- June 8, 2019 at 2:13 pm #3045AnonymousInactive
I’m in charge of assessing the costs of our manufacturing process as it is now – which has various regulatory requirements, and reporting, fees, etc… versus a new proposed process that creates no waste that is hazardous, instead can be reused within the process itself. What method can I use to account for the costs that are traditionally put into “overhead” or “operational” categories, but that would be eliminated from the ledger with this new process?June 8, 2019 at 2:26 pm #3046drmitch-7805Participant
Ok, so a traditional analysis would account for the purchase, operating and maintenance costs, along with training, and any specialty materials used as adjuncts in the new process, compared to the existing process.

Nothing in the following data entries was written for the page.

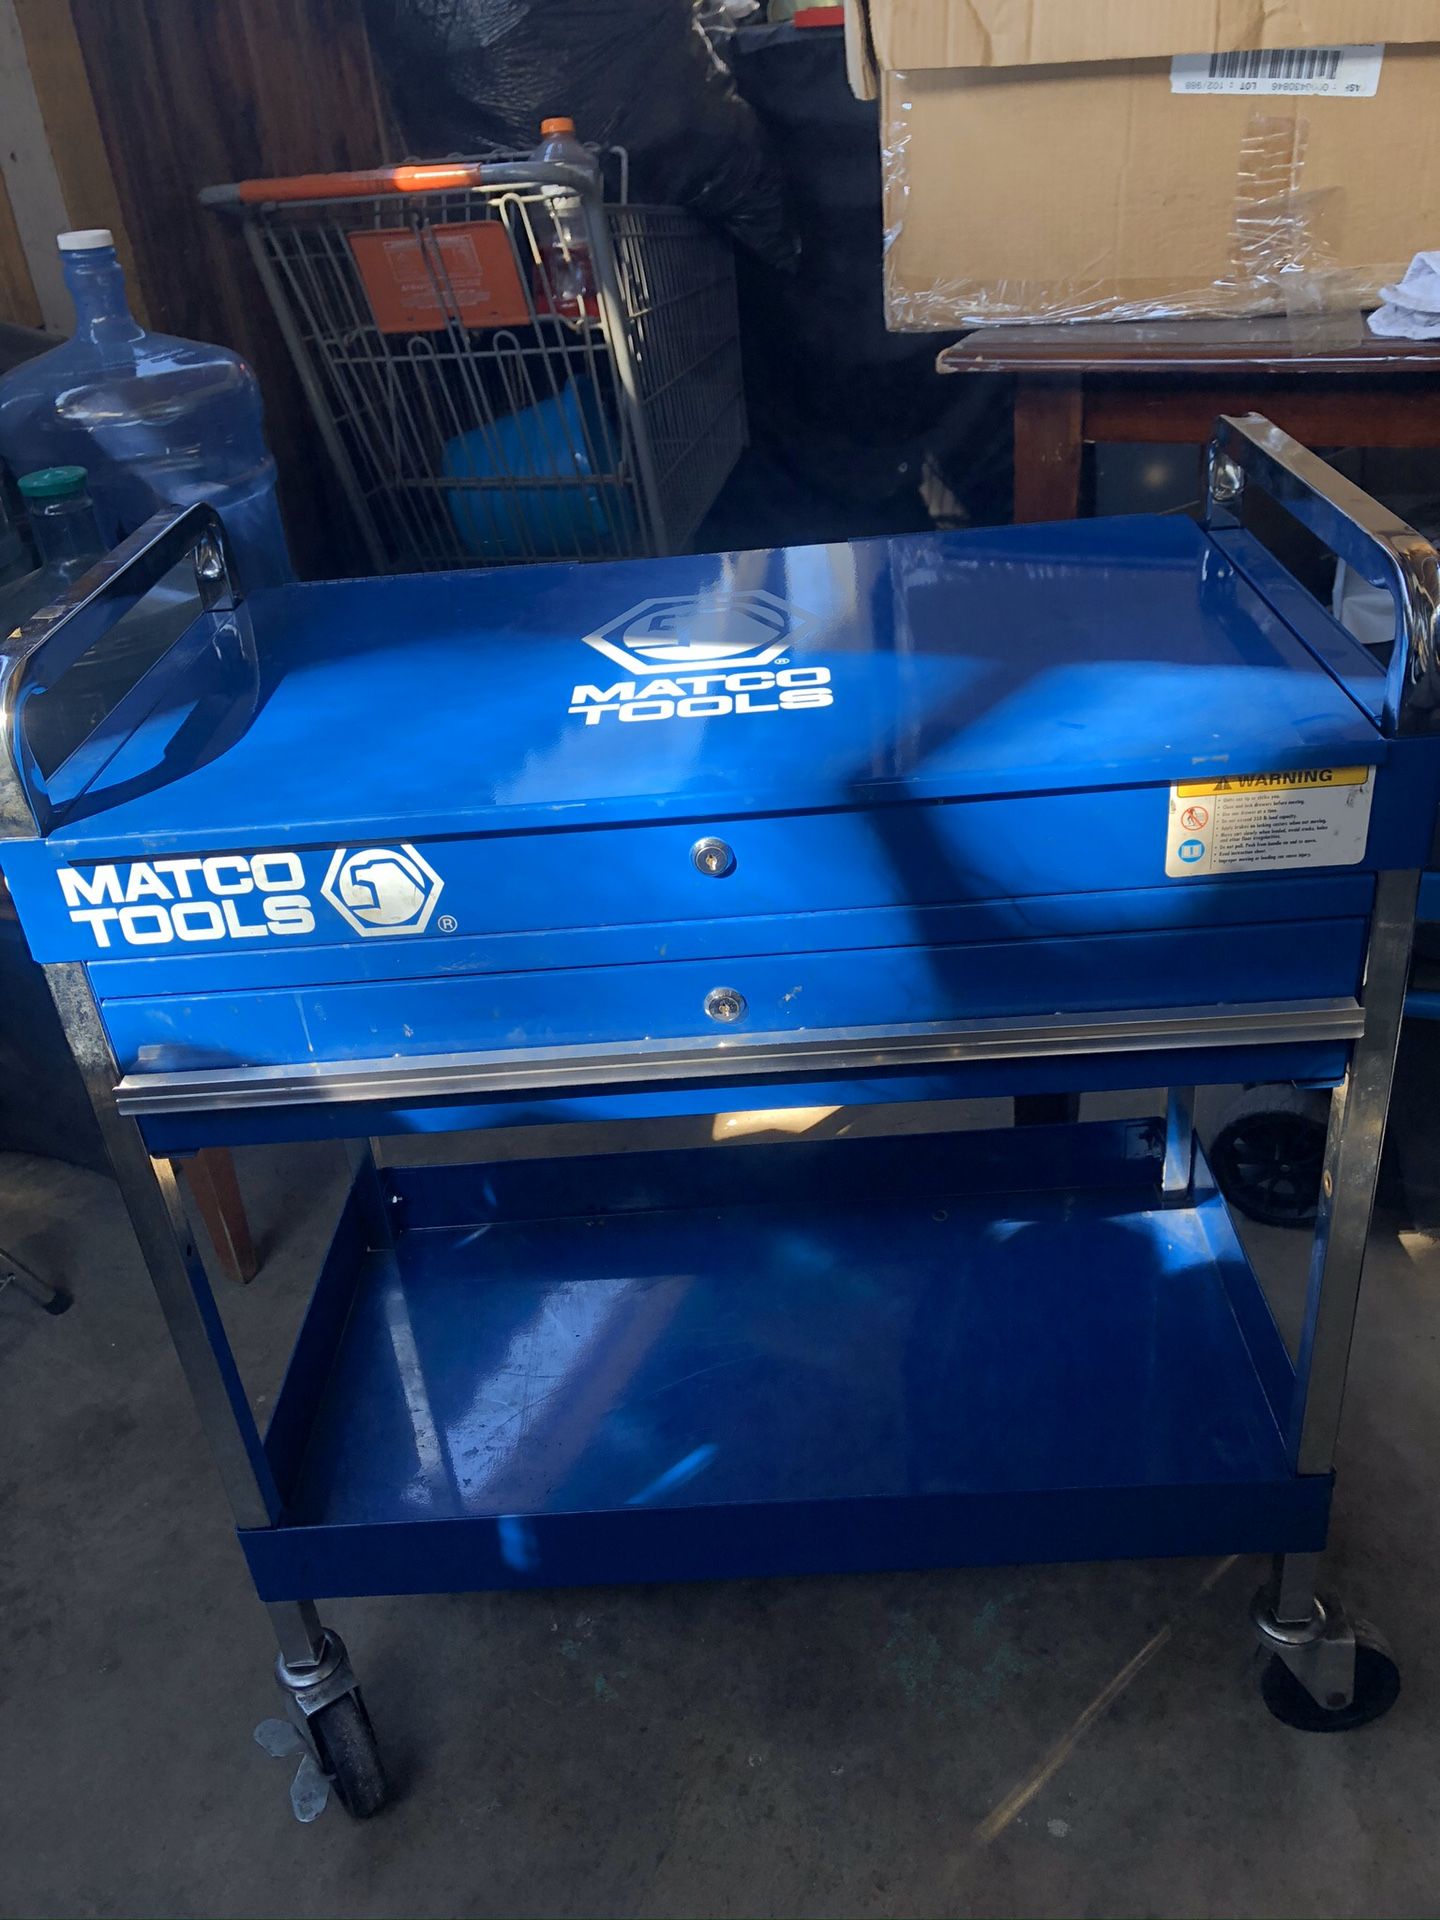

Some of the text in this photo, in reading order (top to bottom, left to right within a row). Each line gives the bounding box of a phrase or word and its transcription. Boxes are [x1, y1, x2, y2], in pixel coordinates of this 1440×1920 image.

[1239, 81, 1257, 91] LOT
[571, 666, 832, 704] MATCO
[567, 687, 834, 726] TOOLS
[1238, 768, 1333, 788] WARNING
[56, 852, 306, 907] MATCO
[69, 894, 316, 948] TOOLS
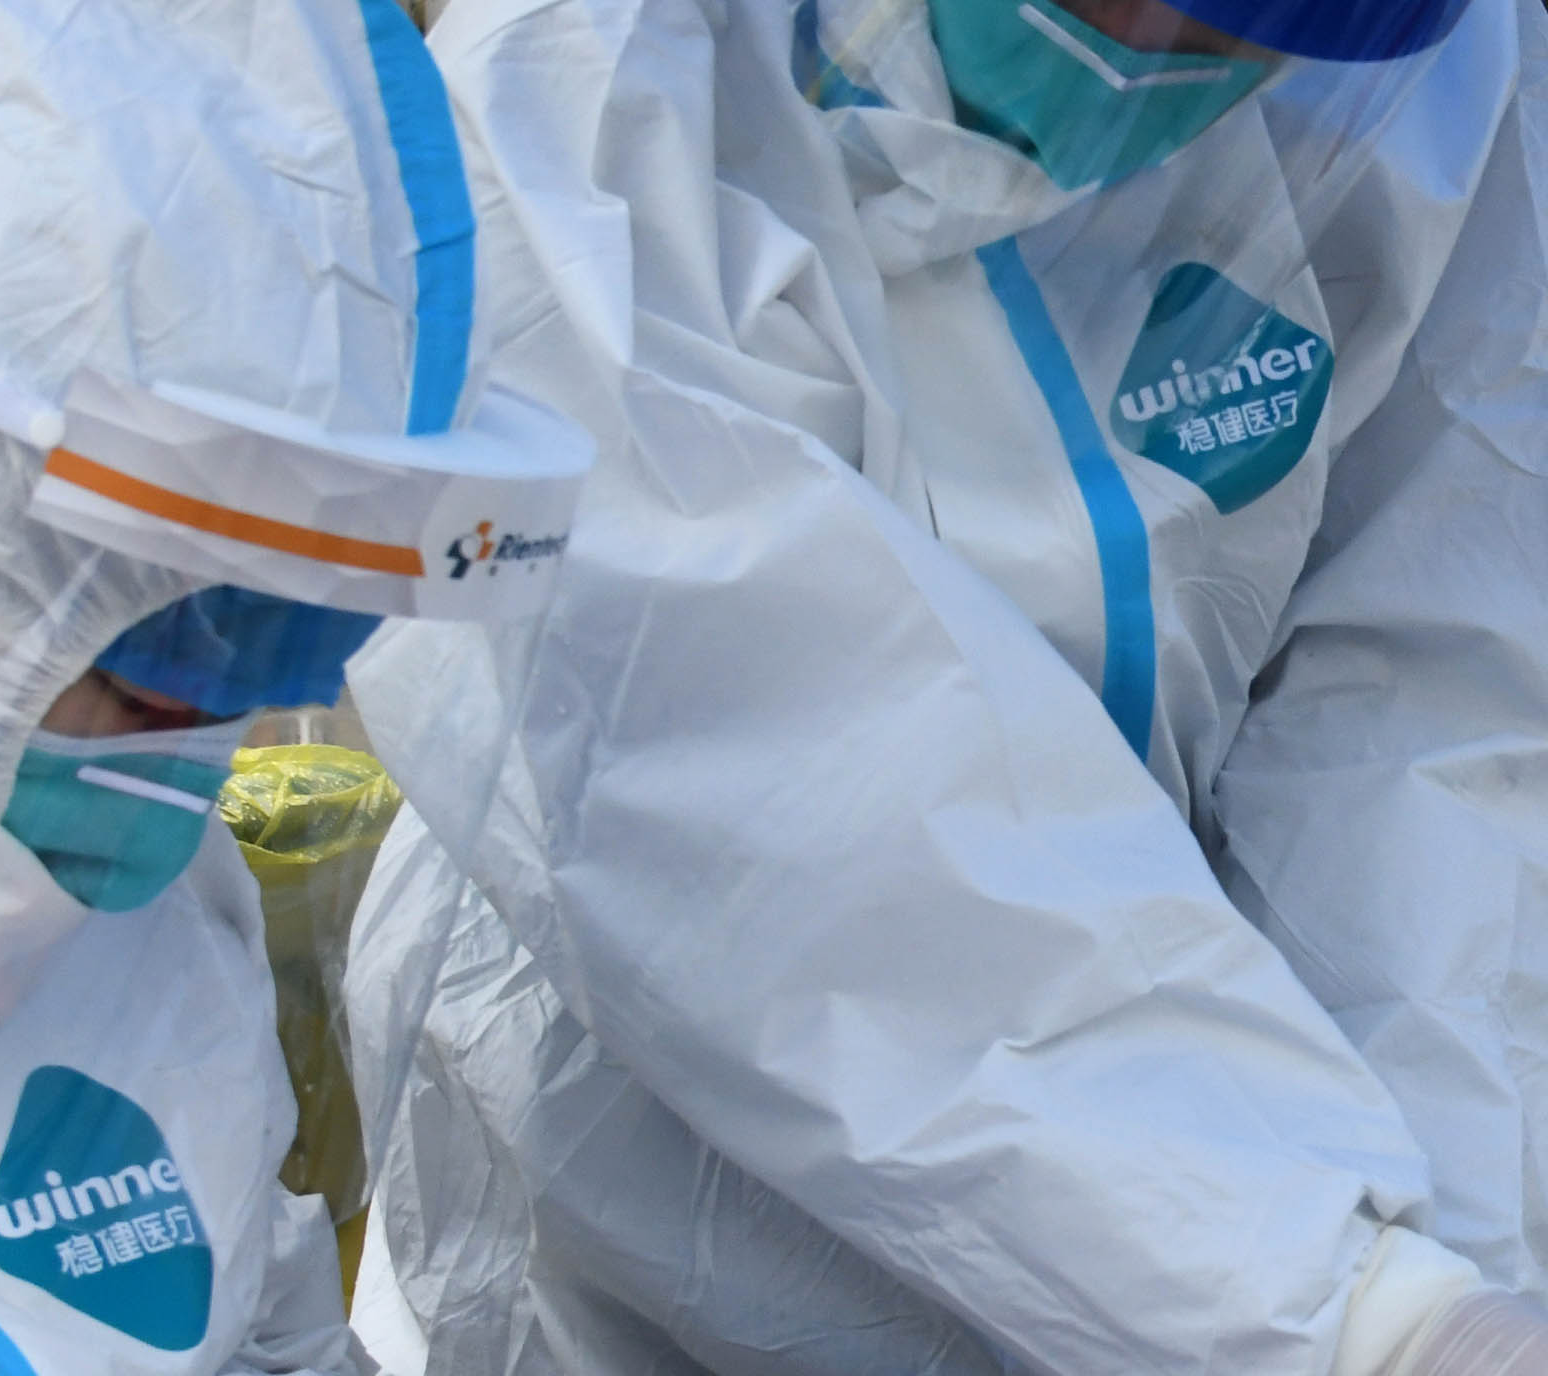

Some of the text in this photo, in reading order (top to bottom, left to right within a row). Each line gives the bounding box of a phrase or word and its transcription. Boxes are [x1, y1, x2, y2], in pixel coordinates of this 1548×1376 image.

However as you mentioned this new process would eliminate the need for certain reporting requirements and waste. These are not currently directly attributed to the existing cost of production for the parts on this line. You will need to pull them out of the overhead category of the accounts, and also estimate teh labor hours of supervising the haz waste, paperwork time of maintaining compliance logs, the training costs to keep staff up to date on the applicable regulations and practices, as well as any fees or taxes applied to the wastes from the current process. Now you can make a better comparison. If the new equipment is not a direct capital purchase, but instead some kind of operating lease, or rent-to-own, then those payments would need to taken year by year into the future (5 to 7 years usually for an operating lease) So you would be comparing 7 years of current production process, with 7 years of the proposed new process. You total each and see where they stand. If you want to get fancy, you can use a Net Present Value formula to convert all those “in the future” payments into a “today’s” value. Good luck! Let us know how it turns out.